Por alguna extraña y misteriosa razón, tengo un par de meses traduciendo un libro de cuentos de hadas. Creo que es el más gordo que he leído acerca del tema y se trata de una vieja compilación, cuando la gente no respetaba géneros ni estructuras ni se preocupaba por ponerle una etiqueta al grano súbito de Madame Pompadour, así que el sabor de los cuentos es variadito, o como diría un cuate mío: de chile, de mole y de dulce. O de chile, de mole y de manteca. A saber, lo chistoso de las numeraciones dicharacheras de nuestro país es que tienen tantas variantes como las historias primigenias, y no sólo obedecen a la región sino al gusto por los sabores o los ruidos que hace la lengua al atorarse con el paladar.
En la colección que estoy traduciendo, sin discriminar, uno puede leer fragmentos de Las mil y una noches, o los cuentos rurales de los hermanos Grimm o, el tema del día de hoy, los sanos desvaríos de la aristocracia francesa. Después de leer atentamente una considerable cantidad de cuentos franceses, me di cuenta de algunos patrones y, si mal no recuerdo, hace unos años leí algún ensayo de Umberto Eco que hablaba de eso (o de algún otro autor, ay, la memoria caótica de los muchos libros. Ya puse al coco a trabajar para corregir mi falta en próximos días, números, siglos). Por ejemplo, uno de los rituales acostumbrados en los cuentos de hadas es la presencia del número tres: la cantidad de príncipes, el número de actos para resarcir una falta o cumplir una voluntad, el número de doncellas secuestradas por una anciana hada y horrible y que, como un capataz, las pone a hilar oro.
Por ahí anoté en mi cuaderno de lecturas (el cuál me hubiera servido de maravilla para registrar, por ejemplo, a quién le leí eso del tres en tres) que no me caería mal buscar una historia, un estudio o un ensayo sobre cuentos de hadas franceses y entender por qué cada cuento parece una competencia para destronar a otro. Las condesas, o las morritas de Lobuki de aquel entonces (pero las chidas, las estudiosas), al parecer les encantaba contar cuentos para mostrar no sólo su calidad como autoras o pensadoras, sino también como imaginantes. Aunque a veces su imaginación no daba para más que aumentar un dragón por aquí, un basilisco por allá y un disfraz de Palas Atenea por acá; otras veces elaboraban laberintos fascinantes y, al parecer, una crítica jugosa no sólo de la monarquía de la que ellas formaban parte, pero también del mismo género al que estaban dedicando una vida.

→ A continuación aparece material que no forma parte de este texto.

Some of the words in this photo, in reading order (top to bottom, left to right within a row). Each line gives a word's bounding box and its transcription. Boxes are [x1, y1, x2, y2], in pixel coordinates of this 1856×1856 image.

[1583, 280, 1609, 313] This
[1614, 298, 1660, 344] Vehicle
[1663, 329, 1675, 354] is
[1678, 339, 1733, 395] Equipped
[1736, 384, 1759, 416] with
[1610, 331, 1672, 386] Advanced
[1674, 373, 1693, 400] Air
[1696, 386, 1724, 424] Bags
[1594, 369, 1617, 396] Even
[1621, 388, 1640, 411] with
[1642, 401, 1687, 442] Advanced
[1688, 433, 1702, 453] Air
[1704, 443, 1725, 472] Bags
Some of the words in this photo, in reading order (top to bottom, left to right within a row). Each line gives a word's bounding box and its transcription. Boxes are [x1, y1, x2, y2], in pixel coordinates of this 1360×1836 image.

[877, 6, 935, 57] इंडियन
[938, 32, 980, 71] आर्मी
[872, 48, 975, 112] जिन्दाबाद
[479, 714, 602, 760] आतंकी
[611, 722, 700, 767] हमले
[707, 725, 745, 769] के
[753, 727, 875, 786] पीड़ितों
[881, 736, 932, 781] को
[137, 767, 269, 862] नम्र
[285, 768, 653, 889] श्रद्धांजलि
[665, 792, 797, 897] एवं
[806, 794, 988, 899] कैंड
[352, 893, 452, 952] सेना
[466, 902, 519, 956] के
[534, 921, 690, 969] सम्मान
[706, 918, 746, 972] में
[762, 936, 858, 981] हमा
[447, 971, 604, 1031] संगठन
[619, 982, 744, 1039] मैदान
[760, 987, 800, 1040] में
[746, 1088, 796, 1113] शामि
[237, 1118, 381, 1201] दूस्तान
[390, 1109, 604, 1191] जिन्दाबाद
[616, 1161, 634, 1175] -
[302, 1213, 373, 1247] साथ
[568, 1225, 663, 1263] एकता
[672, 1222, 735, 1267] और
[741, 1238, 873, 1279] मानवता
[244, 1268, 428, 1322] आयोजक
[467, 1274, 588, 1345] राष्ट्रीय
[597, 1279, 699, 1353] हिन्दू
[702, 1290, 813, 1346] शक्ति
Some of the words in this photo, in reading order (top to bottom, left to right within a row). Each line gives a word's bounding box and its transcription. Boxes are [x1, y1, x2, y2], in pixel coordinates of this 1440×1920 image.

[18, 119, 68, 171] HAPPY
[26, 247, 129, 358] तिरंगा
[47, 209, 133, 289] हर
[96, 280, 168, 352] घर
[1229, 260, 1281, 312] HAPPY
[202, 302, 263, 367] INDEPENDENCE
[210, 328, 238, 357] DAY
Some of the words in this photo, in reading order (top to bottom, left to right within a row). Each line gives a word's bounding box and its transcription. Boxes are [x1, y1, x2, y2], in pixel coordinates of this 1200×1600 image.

No sé si a ustedes les habrá pasado, pero cuando yo era chamaco y jugaba piedra, papel o tijeras, de repente salía un listillo que se sabía otras caras y gestos que luego le daban en la madre a uno, por ejemplo: la escopeta (porque la escopeta todo lo mata), los brazos de Supermán, el genio de la lámpara y el bigote de Salinas de Gortari para la devaluación instantánea. Compartiendo un poco de este pequeño misterio y la inquietud de que las condesas también parecían jugarse la reputación entre un cuento y el otro, una escritora me señaló que, efectivamente, las condesas usaban sus vestidos entallados, sus lentes oscuros y se iban al club para leerse sus cuentos más recientes. De tres en tres, se les iban las uvas, el vinito, los amantes y entre risas, y altas pelucas hechas con el pelo de un mulo blanco, corrían los monstruos, los príncipes, los reinos y los gatos parlanchines. Uy, si luego entre nosotros, la plebe, uno de esos talleres puede ser un infierno y un baño de sangre, me gusta imaginar que las condesas tenían que escribir algo chido porque al final, sí, sí, mucha satírica y un grano de sal, pero esas mujeres por escribir sí apostaban la cabeza.